“See what a pretty plight you have got me into!” he cried. “When I came out to the gate before daylight to see if there was anything the gateman should not see, what did I find but the head of a man, and the blood that had flowed from him when he lost it! Now the police——”

“Do not distress yourself, sir,” replied the mutton-seller. “I will take care of the head, and when your k’an-men-ti speaks to me about the blood, as he is sure to do, I will tell him a newly killed sheep was left there by mistake. As to the gang starting any inquiries about their lost companion, that is the last thing they would dare or wish to do.”

All went as the ex-thief had outlined it, but that afternoon, as he was drumming on his chopping-block with a cleaver in the hope of attracting customers for the last morsels of mutton, whom should he see across the way but the same band of ruffians, minus, of course, one of those who had gathered the day before. Their heads were together again, but this time their furtive glances seemed to be turned not so much toward the rich man’s gate as upon the mutton-seller.

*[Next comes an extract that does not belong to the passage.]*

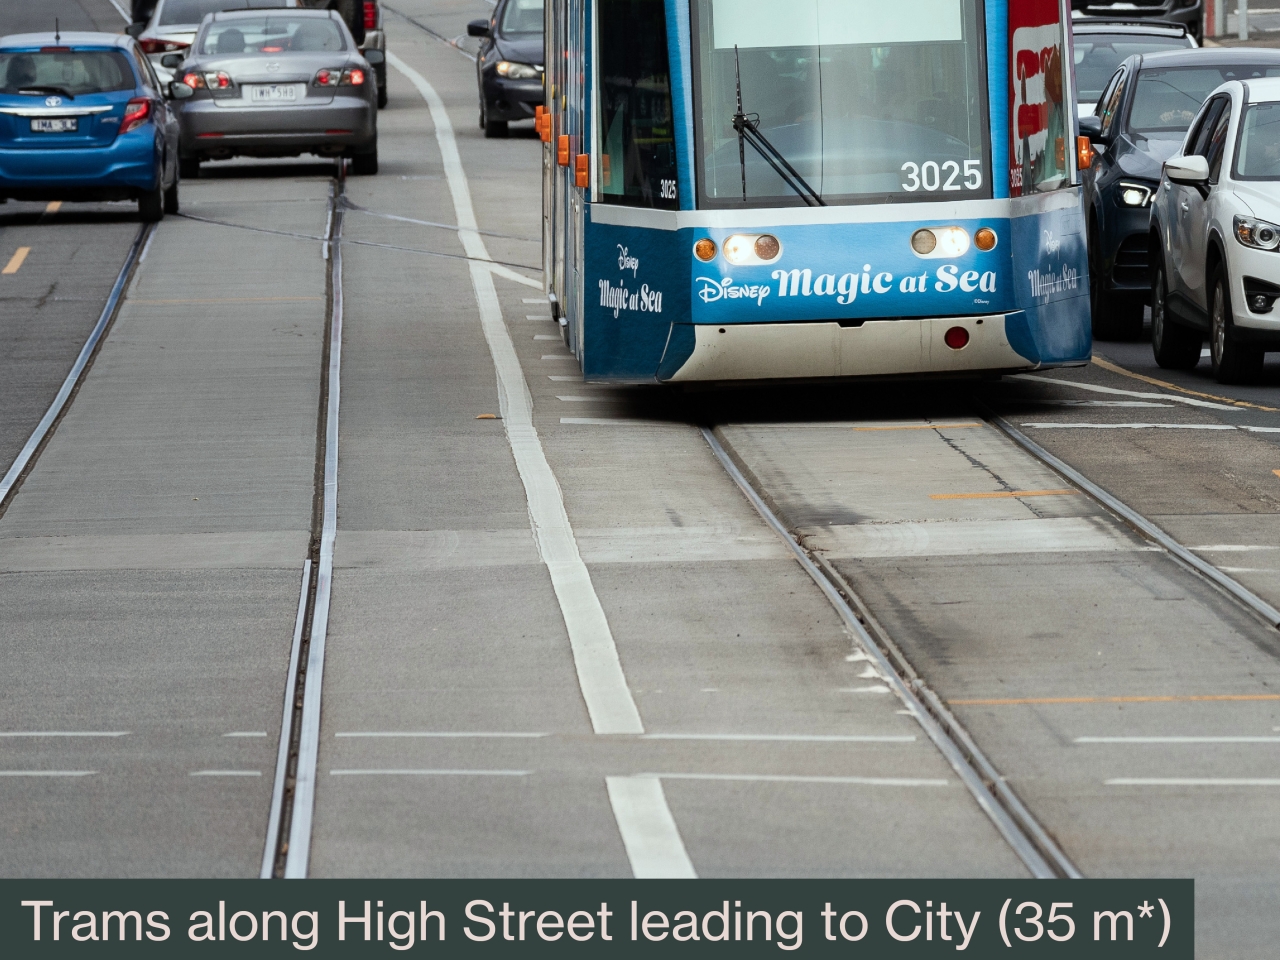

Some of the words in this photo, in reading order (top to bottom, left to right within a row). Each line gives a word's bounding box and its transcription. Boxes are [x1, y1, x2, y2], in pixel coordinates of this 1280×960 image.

“Aha!” thought the latter, for he was inordinately clever in reading the gestures and glances of his former brethren-in-arms, “they suspect me of thwarting their plans and have decided to kill me.”

Therefore that night, when it was time for him to stretch out on his k’ang, he placed upon it, instead, a sheepskin that he had blown full of air and covered it over with some old clothes. Then he hid himself in the darkness outside.

It was exactly as he had suspected. Hardly had he begun to long for a cigarette when several forms slunk past him and entered his hovel. There came the dull sounds of as many blows as each thrust his knife into the sheepskin, followed by an escape of air resembling the pouring forth of blood; then the assassins disappeared again into the night.

Next day, after the briskness of trade had been succeeded by the apathy of the first Chinese meal-hour—for no profession which works by night can be expected to get up early—the former thief saw the same group huddled together across the way, staring at him as at a ghost. At length they straggled over to him, with a contrite and respectful, not to say admiring, air, and a spokesman addressed him with the highest honorifics of which such unschooled fellows are capable.

“Oh, Great Teacher,” he said, “we recognize in you, our revered Elder Brother, a very clever man, a man much more clever than ourselves. Will you not, therefore, become our leader, for with your cleverness and our agility how could we fail in any undertaking?”

“Your agility!” sneered the mutton-seller, meanwhile insultingly continuing his work. “Where have you picked up that false impression? I don’t believe you know the first rudiments of your profession, that you can even climb through the open window of a foreign devil and escape with his watch and wallet without being heard. I, forsooth, become the leader of a gang of clumsy, untrained louts who cannot so much as move a brick with their Adam’s apple! Away with you!”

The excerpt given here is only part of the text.